Jeudi dernier, un ami m’informe que l’on parle de mon documentaire « Ceci n’est pas un complot » sur la Première (RTBF). J’écoute en différé le podcast de « Les Clés », présenté par Arnaud Ruyssen et je suis surpris : je ne reconnais pas les extraits de mon propre film ! Je réalise alors que l’équipe des « Clés » a fait une erreur, que j’espère involontaire : elle a utilisé la note d’intention[1] qui annonçait le crowdfunding, début octobre 2020, et non des extraits du documentaire, sorti en février 2021.

Je ne renie pas les propos que j’ai tenus dans cette note d’intention, mais ma position avait évolué quand le film est sorti. La colère qui dominait en octobre s’était transformée en indignation. Le commentaire était plus nuancé, j’avais compris combien les médias étaient trompés par leurs sources (j’y reviendrai plus loin). Le discours médiatique avait aussi un peu évolué : la presse se montrait plus critique sur la gestion calamiteuse de la 2ème vague, en continuant néanmoins à croire que le vaccin signifierait un retour à la normale.

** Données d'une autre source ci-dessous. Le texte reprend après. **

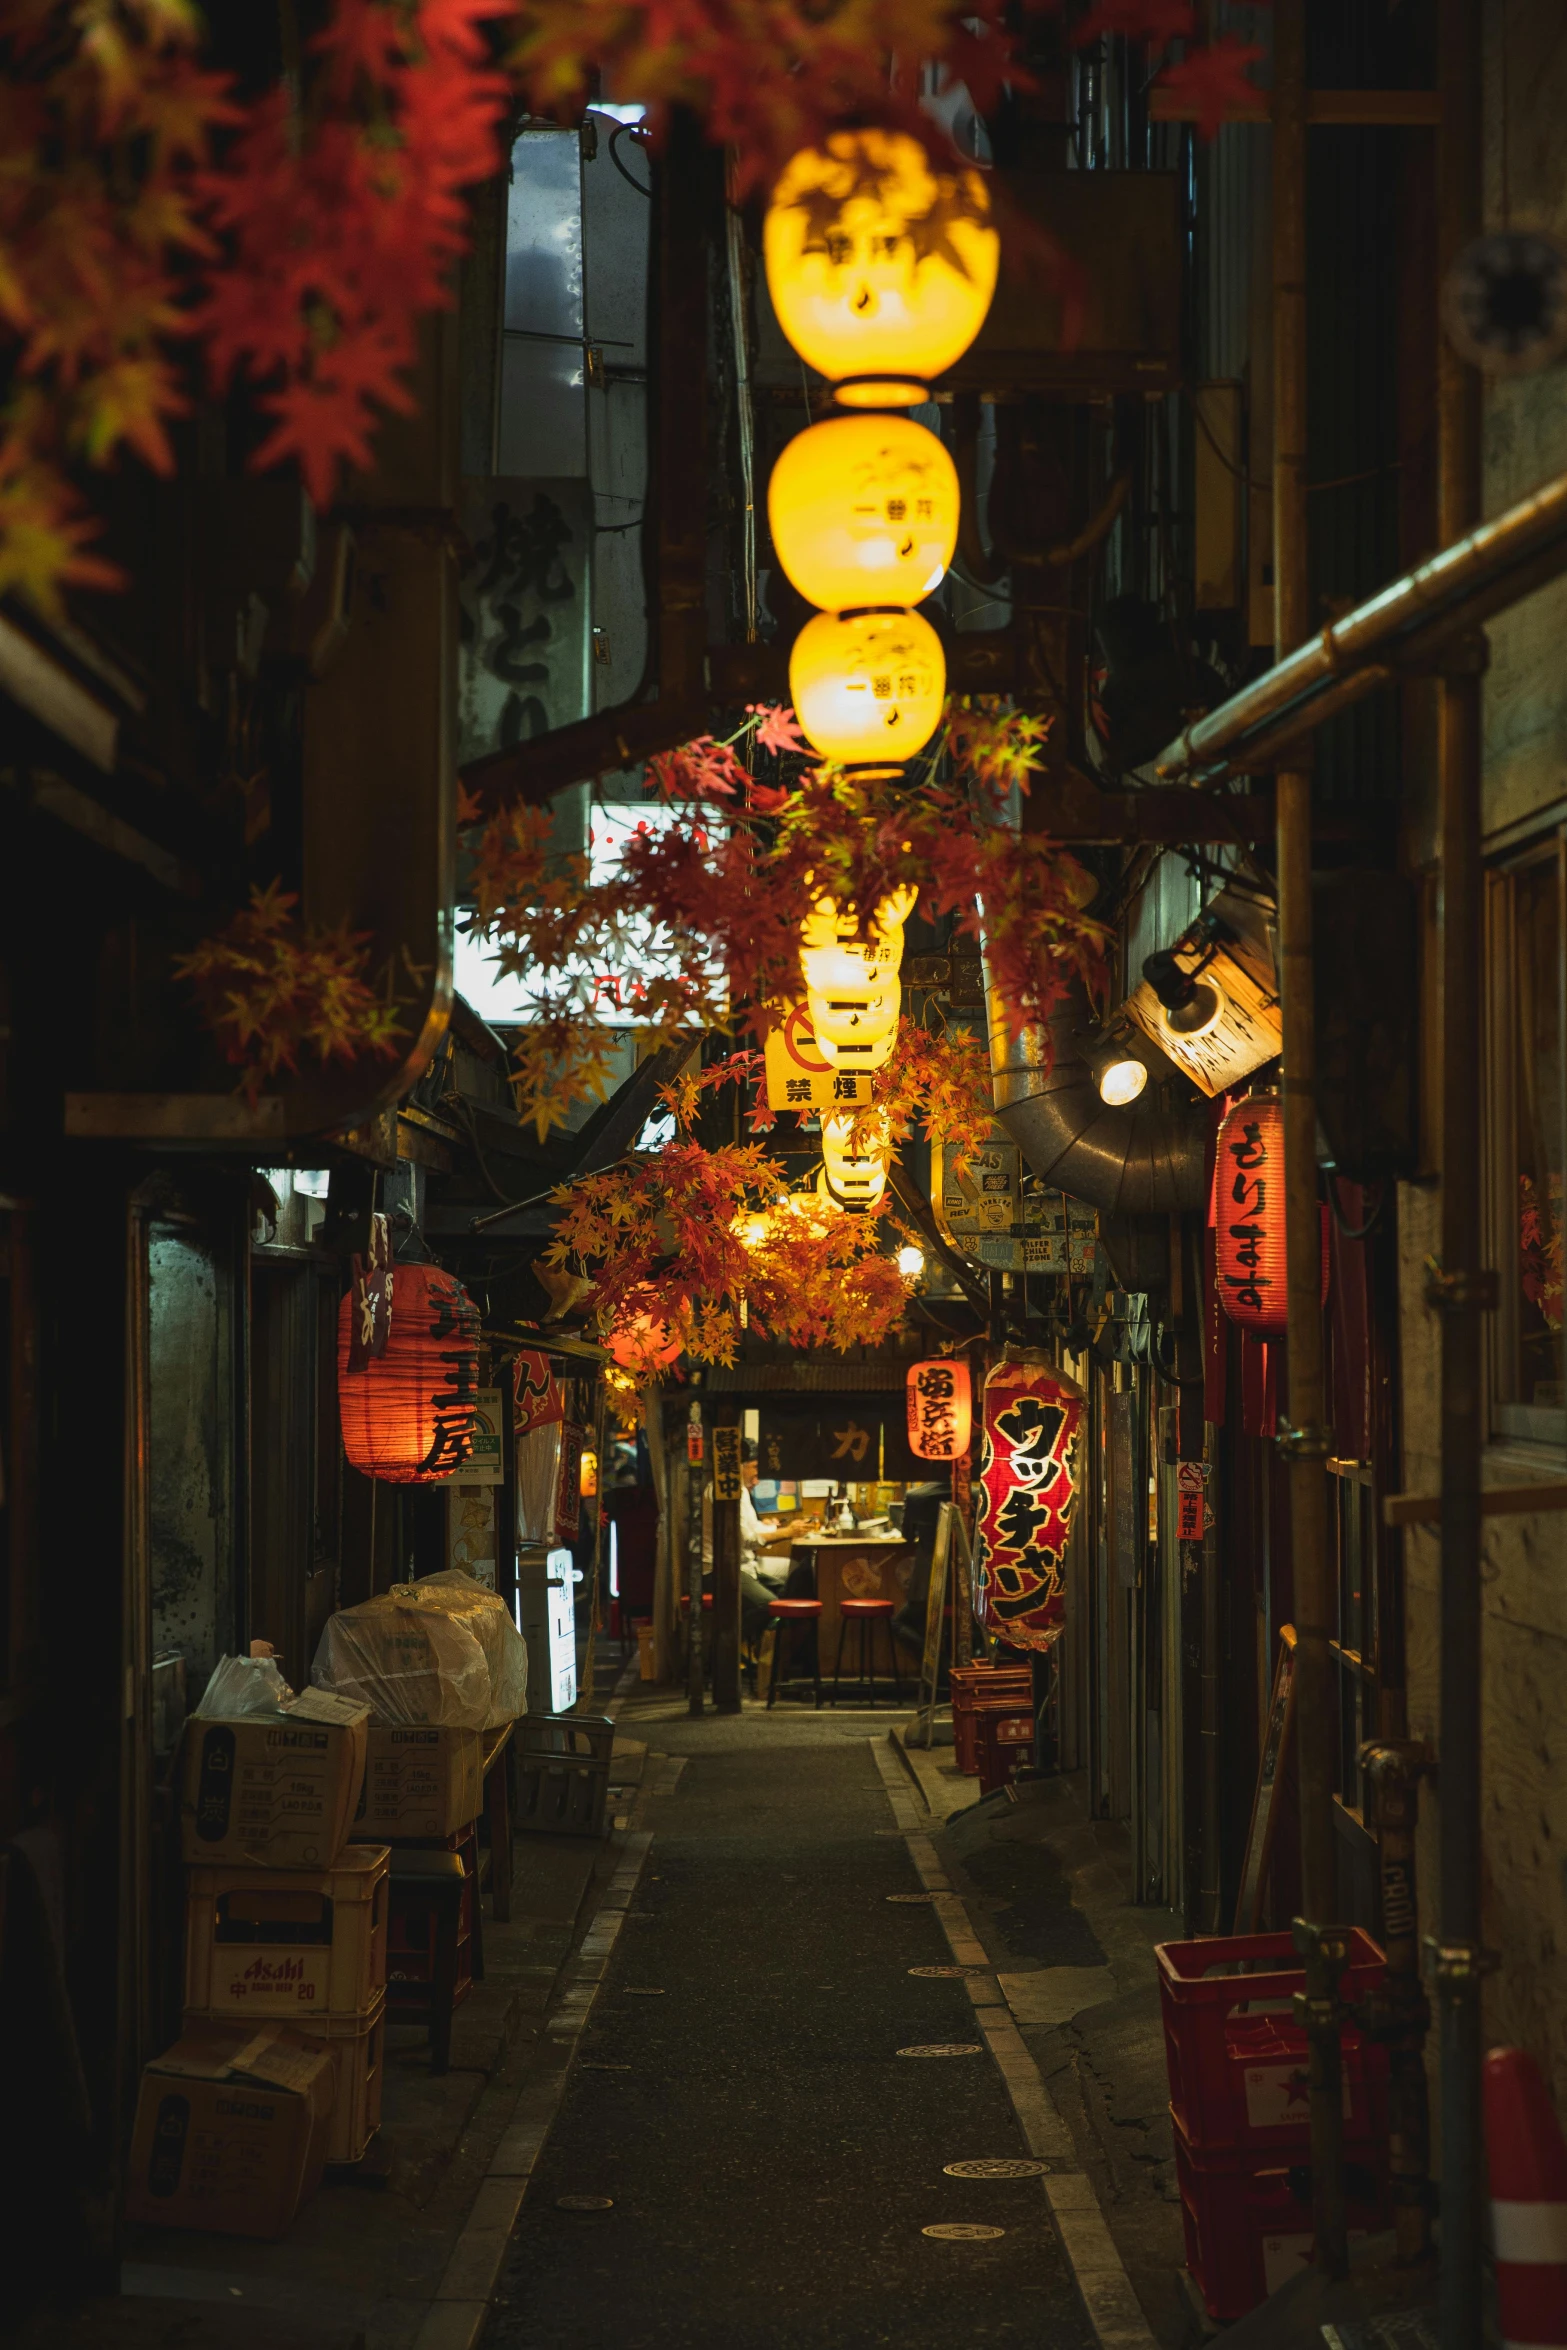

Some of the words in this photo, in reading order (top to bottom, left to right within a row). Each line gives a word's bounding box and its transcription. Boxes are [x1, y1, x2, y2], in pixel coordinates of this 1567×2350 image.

[785, 1076, 858, 1102] 禁煙
[716, 1429, 740, 1498] 営業中
[200, 1745, 229, 1823] 白炭
[244, 1956, 304, 1981] Asahi
[230, 1982, 247, 1999] 中
[297, 1983, 315, 2000] 20

Aujourd’hui, quatre ans jour pour jour après la sortie de « Ceci n’est pas un complot », c’est un sentiment de déception et d’impuissance qui me reste : je n’ai pas été entendu par les journalistes.

La série de podcasts « Covid, 5 ans après » donne l’impression que les autorités et la presse tentent de justifier leurs errements. « A l’époque, on ne savait pas » est la phrase qui revient comme un mantra. Mais l’emploi du « on » n’est pas correct. Certains spécialistes savaient, certains soignants alertaient, ils n’ont pas été écoutés. Ils ont au contraire été blacklistés, ridiculisés et parfois poursuivis par ceux qui pensaient être au plus près de « la vérité ».

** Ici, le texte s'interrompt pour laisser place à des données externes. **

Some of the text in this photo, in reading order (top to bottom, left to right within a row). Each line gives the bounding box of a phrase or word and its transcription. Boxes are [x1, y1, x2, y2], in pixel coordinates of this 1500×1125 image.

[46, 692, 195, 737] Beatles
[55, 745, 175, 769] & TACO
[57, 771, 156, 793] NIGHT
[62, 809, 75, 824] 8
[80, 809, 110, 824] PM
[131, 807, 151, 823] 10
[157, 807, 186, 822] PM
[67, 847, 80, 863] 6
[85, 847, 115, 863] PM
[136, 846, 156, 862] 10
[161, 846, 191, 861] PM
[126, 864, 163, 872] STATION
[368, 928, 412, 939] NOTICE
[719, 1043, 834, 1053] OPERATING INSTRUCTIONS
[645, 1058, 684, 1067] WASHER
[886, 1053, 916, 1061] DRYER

Arnaud Ruyssen est sans doute le journaliste le plus nuancé de la RTBF, et j’adhère à son propos quand il dit : ce que je regardais aussi énormément durant cette crise, c'est l'humilité des experts, leur capacité à reconnaître que certaines choses, ils ne savaient pas. Je comprends donc mal pourquoi il a laissé son invité Xavier Counasse faire preuve d’une telle assertivité dans l’épisode consacré aux médias. A plusieurs reprises, le journaliste du Soir a martelé : « C’est faux ! » avec un ton péremptoire et définitif. Je voudrais l’inviter à un peu plus de nuances. Pour l’y aider, j’ai décortiqué quelques affirmations entendues dans le podcast « Covid : les médias ont‑ils été suffisamment critiques ? ».

  1. Notons d’emblée que la RTBF annonce la couleur dans l’article[2] de RTBF Actu invitant à écouter le Podcast. On peut lire : pour savoir ce que l’on doit penser du documentaire « Ceci n’est pas un complot » de Bernard Crutzen, écoutez la suite du podcast… La RTBF est‑elle habilitée à nous dire ce que l’on DOIT penser ? Par l’utilisation de ce verbe, elle semble avouer que le libre arbitre est réservé à ses journalistes, en majorité issus de l’Université Libre de Bruxelles, temple autoproclamé du libre arbitre. Est‑ce que nous, lecteurs et auditeurs, devons nécessairement penser comme les journalistes de la télévision publique ?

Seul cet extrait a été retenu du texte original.